„Den anderen das Jüngste Gericht“

Neben dem Turm der Kirche „Zur heiligen Familie“ am Sülzgürtel reißen Bagger letzte Überbleibsel des früheren Kinderheims ab. Der Förderverein will an die wechselvolle Geschichte des ehemaligen Kinderheims in Sülz erinnern. Von Martina Windrath

Der Kirchturm der „Heiligen Familie“ ist stehen geblieben: Kathy Ziegler und Harald Weiß möchten auf dem Gelände des ehemaligen Kinderheims in Sülz weitere Erinnerungsorte schaffen. (Foto: Meisenberg)
Der Kirchturm der „Heiligen Familie“ ist stehen geblieben: Kathy Ziegler und Harald Weiß möchten auf dem Gelände des ehemaligen Kinderheims in Sülz weitere Erinnerungsorte schaffen. (Foto: Meisenberg)

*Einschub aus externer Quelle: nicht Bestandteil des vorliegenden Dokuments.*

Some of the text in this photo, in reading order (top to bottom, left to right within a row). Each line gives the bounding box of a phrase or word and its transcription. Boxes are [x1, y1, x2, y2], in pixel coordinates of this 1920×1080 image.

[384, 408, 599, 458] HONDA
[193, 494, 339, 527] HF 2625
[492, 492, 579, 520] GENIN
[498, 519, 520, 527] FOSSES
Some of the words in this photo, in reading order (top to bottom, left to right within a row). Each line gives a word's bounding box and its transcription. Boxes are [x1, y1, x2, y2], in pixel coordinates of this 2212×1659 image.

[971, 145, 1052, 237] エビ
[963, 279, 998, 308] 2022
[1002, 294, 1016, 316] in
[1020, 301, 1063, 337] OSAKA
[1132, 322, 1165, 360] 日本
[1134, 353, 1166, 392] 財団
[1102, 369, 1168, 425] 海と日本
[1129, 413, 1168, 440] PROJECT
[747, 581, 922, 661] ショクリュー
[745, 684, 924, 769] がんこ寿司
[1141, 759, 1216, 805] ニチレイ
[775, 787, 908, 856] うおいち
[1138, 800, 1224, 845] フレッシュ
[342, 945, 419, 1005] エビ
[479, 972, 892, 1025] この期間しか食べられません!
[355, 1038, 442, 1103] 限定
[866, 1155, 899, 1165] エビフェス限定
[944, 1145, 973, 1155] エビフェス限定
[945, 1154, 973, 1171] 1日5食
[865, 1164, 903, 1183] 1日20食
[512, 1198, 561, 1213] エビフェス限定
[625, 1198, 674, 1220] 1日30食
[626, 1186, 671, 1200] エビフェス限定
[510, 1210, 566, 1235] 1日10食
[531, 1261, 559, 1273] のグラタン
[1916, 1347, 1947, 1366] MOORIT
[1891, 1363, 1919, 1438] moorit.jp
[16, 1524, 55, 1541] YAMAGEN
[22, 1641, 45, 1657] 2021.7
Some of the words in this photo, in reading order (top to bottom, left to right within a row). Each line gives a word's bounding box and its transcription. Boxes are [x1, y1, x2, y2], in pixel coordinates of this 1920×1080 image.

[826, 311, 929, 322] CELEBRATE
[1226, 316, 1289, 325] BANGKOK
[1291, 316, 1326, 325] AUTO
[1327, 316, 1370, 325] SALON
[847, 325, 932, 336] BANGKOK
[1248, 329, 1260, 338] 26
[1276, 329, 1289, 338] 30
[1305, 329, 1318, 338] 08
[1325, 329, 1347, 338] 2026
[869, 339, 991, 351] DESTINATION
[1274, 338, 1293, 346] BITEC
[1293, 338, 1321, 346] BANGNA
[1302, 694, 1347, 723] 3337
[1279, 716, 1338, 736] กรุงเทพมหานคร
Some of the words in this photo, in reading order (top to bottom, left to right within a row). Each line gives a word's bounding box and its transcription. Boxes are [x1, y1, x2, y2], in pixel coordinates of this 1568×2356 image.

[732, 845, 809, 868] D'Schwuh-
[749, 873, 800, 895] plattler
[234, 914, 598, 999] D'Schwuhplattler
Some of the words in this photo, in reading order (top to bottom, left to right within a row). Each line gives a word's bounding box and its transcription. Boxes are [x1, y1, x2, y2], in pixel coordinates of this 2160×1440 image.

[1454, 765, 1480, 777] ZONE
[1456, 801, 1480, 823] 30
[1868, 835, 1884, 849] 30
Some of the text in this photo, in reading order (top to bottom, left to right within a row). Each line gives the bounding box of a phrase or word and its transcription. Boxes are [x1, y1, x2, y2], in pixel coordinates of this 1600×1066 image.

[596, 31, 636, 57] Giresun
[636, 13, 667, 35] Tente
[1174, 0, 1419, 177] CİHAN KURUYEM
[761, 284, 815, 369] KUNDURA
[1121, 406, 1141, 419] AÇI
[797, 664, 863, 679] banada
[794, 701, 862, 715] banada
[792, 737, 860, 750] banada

Köln. Neben dem Turm der Kirche „Zur heiligen Familie“ am Sülzgürtel reißen Bagger letzte Überbleibsel des früheren Kinderheims ab. In Richtung Beethovenpark stehen bereits Neubauten, wo früher das Heim hinter hermetisch abgeriegelten Mauern lag, entstehen Gärten und offene Wege. Nur der Kirchturm und das „Haus Elisabeth“ bleiben erhalten. Abgerissen wurde auch die Wand mit einem Text, den ein ehemaliger Bewohner aufgesprayt hatte:

„1914 – 2009. Segen und Fluch.

Meinen Dank den Aufrichtigen,

den Schützenden und den Liebenden!

Den anderen das Jüngste Gericht und die

Gnade der Gedemütigten und Zerbrochenen.

Für uns selbst Mut und Frieden.“

 

Vielleicht werden diese Zeilen in Zukunft wieder an einer Stelle auf dem Gelände an die wechselvolle Geschichte erinnern und den ehemaligen Bewohnern Respekt erweisen. Vielleicht werden Fundstücke wie ein Baby-Gitterbett oder die Stadtmusikanten-Skulptur auf einem Erinnerungspfad durchs Neubauareal zu betrachten sein. Kathy Ziegler und Harald Weiß vom „Förderverein Erinnerungsorte Kinderheim Köln-Sülz“ sind Neubewohner und stellten der Rundschau die Initiative vor. Das Projekt wurde von neuen Bewohnern des Quartiers und Ehemaligen initiiert.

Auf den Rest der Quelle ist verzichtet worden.